Carlitos, la verdad, jamás les había oído decir tal cantidad de cosas bonitas a sus hermanas. No así, en todo caso, todas juntas y tan seguiditas y cariñosas e importantes. Lo cierto es que se puso feliz y que, al entrar al dormitorio en que velaban a la abuela, lucía una sonrisa de oreja a oreja, que, además, al pacífico y católico cadáver, cuya alma seguro que andaba ya en el reino de los cielos, como que le encantó. Porque aunque muertos y cerrados, los párpados de la abuela yacente algo le dijeron y también su boca, con esa sonrisita fallecida, claro, él no lo iba a negar, pero tan contenta de verlo, como contagiada por esa encarnación del amor fraternal que eran Marisol y Cristi acompañándolo a ir a visitarla, llegas un poquito tarde, gran picaro, porque ya me morí, pero bueno, llegas a tiempo todavía para darme un beso, ven, acércate aquí, pedazo de distraído, hasta cuándo se te escaparán a ti las cosas más elementales de la vida, te van a matar tu mami y tu papi por la cara de felicidad que pones al verme muerta, pero qué otra cosa se podía esperar de ti, mi nieto adorado, y ni creas que yo, desde aquí, desde esta inmejorable posición, te voy a juzgar ni nada, al menos debo reconocer que por una vez en la vida te fijaste bien en algo, o en alguien, mejor dicho, porque yo a esa niña, a esa señora, ahora, la encontré preciosa siempre, pero, ¿cómo se llama?, Natalia, abuelita, ¿no la habrás traído a verme, justo hoy, no, muchacho?, ¿no se te habrá ocurrido tan peregrina idea…?

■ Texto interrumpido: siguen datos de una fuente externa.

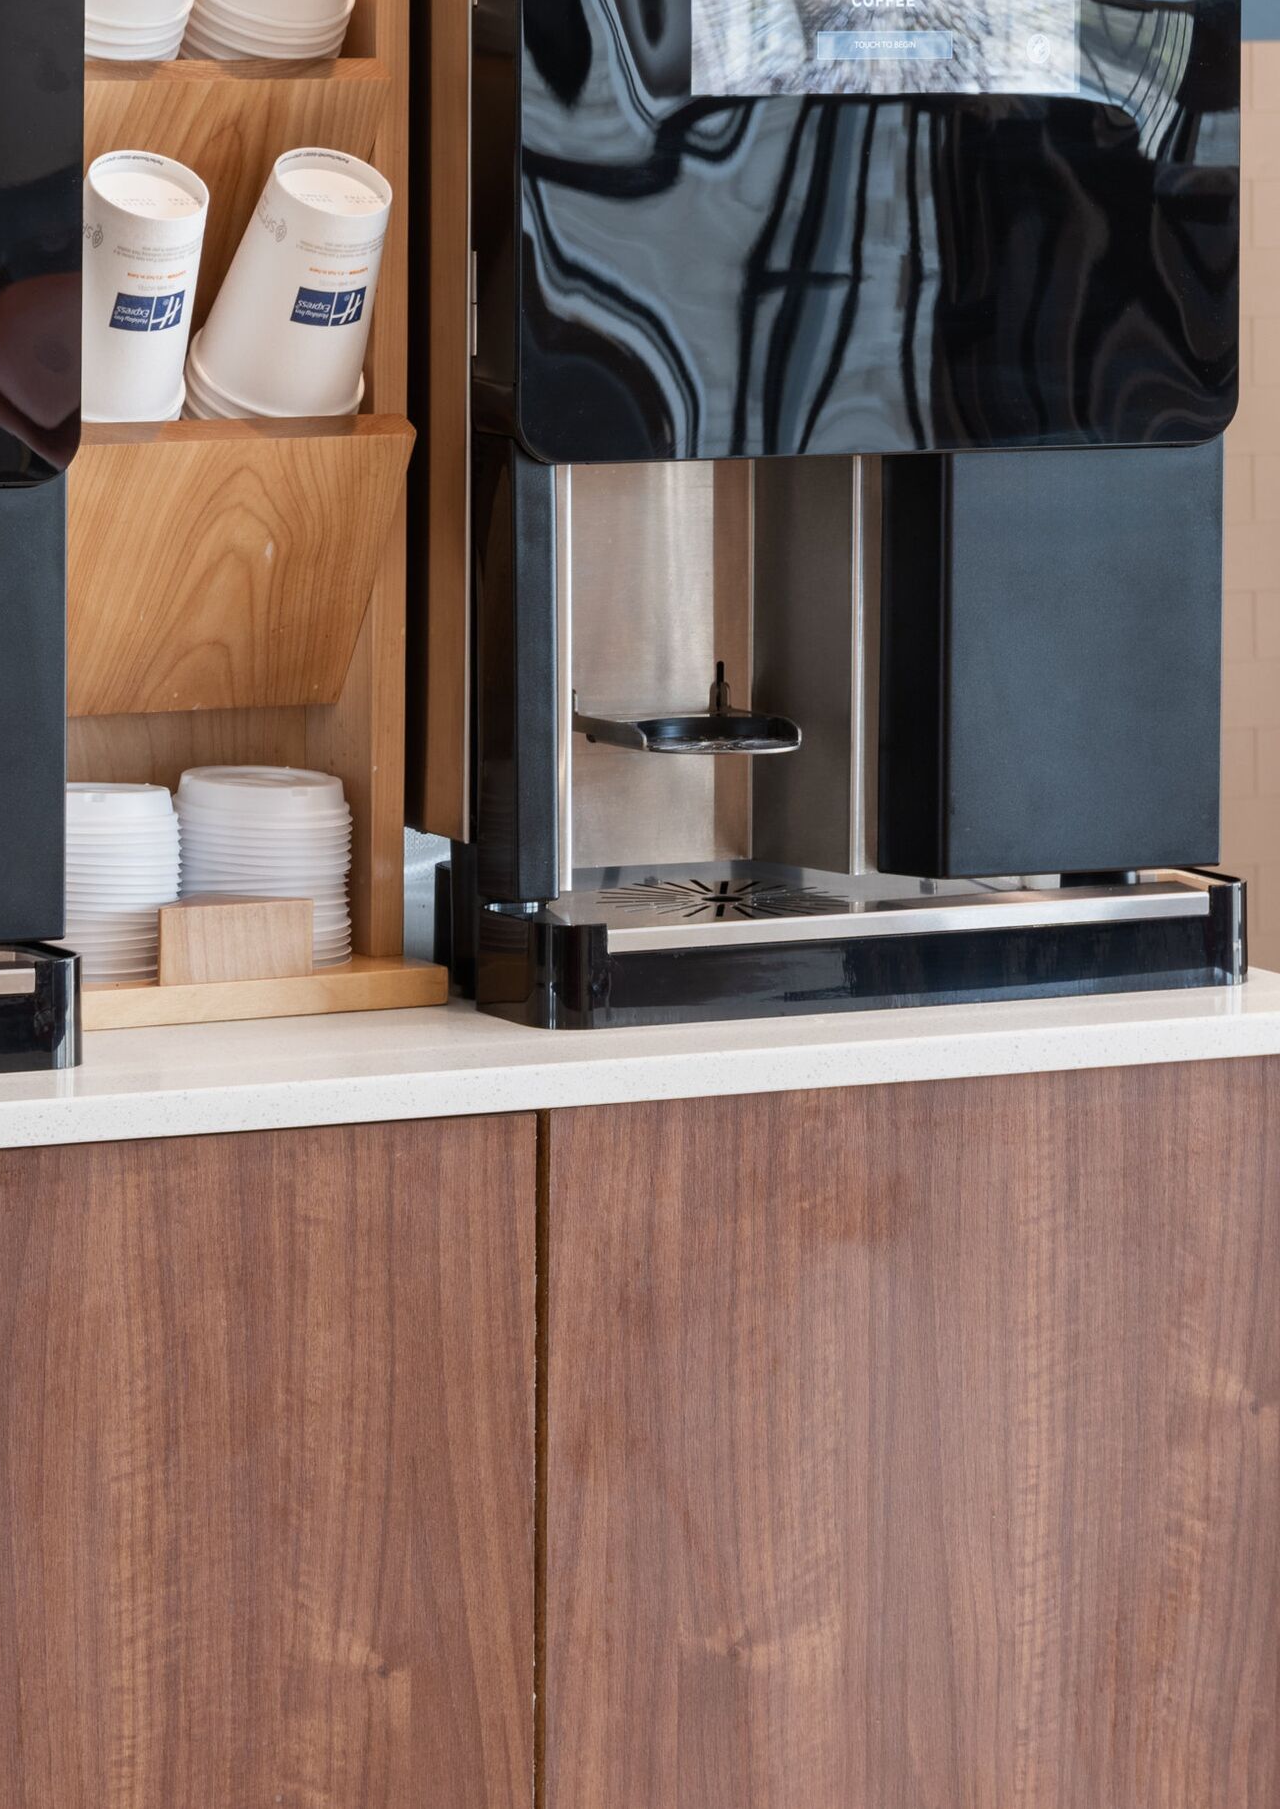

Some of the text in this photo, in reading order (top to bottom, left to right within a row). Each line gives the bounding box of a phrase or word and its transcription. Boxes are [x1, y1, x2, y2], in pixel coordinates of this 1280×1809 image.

Era impresionante la cara de felicidad de Carlitos, parado ahí y besa que te besa a la abuela, pero además a pedido de ella, mientras que sus padres realmente no sabían qué actitud tomar, y mucho menos algunos de los familiares o grandes amigos que pasaban un ratito a despedirse de la piadosa señora y lo primero que veían era a Carlitos con una sonrisa de oreja a oreja y se diría que en profundo diálogo con ella, alguna gente podría interpretar esto muy mal, Dios no lo quiera, pero Dios sí lo quiso porque por ahí pasaron nada menos que don Fortunato Quiroga y los doctores Alejandro Palacios y Jacinto Antúnez y encontraron inconcebible, por supuesto que con la mirada, solamente, hipócritas de mierda, cobardes, resentidos, que el mequetrefe ese estuviera como siempre dando el espectáculo y que, cuanto más rato permanecía al lado del lecho mortal, más, carajo, más feliz parece estar el tipo, porque mírenlo, obsérvenlo, carajo, el muy… Y además contagiando a sus hermanas y ni siquiera de luto ninguno de los tres, pero ¿qué les pasa a sus padres?, ¿a Antonella y a Roberto se les pasea el alma, acaso?, ¿de cuándo aquí estos tres mocosos?, él, sobre todo, el mal ejemplo lo tiene que dar él, por supuesto, que para algo es el mayor, oiga usted, pero mírenlo, esto es el colmo, carajo, este huevonazo parece que volviera de la playa, zapatillas blancas y todo, ¿habráse visto cosa igual?, y ¿de dónde vendrá, el muy reverendo cretino…?

Don Fortunato Quiroga casi mata de un miradón al doctor Alejandro Palacios, por bruto, carajo, por animal, ¿porque acaso no sabes, soberano cojudo, de dónde viene el gran cretino éste?, ¿o me estás tomando el pelo y, entonces sí, esto se arregla en la calle, carajo…? Pero Carlitos continuaba ahí, chino de felicidad, tanta paz en el rostro de la abuela, que encima de todo estaba tan bonita y tan relajada, tan pacífica, tan muerta sin haber sufrido un instante, tan ida ya al cielo y tan ajena a todos nuestros trajines, tan en la gloria del Señor, y con esos rayitos de sol que justo ahora se están colando por entre las cortinas un poquito mal cerradas, el mínimo indispensable, mira tú, y espantan la estudiada tristeza del velorio, la macabra puesta en escena de una convención, y ahuyentan por unos instantes la luz sucia de esas velotas humeantes, y se posan sobre el rostro de abuelita muerta, ya tranquilita de este mundo…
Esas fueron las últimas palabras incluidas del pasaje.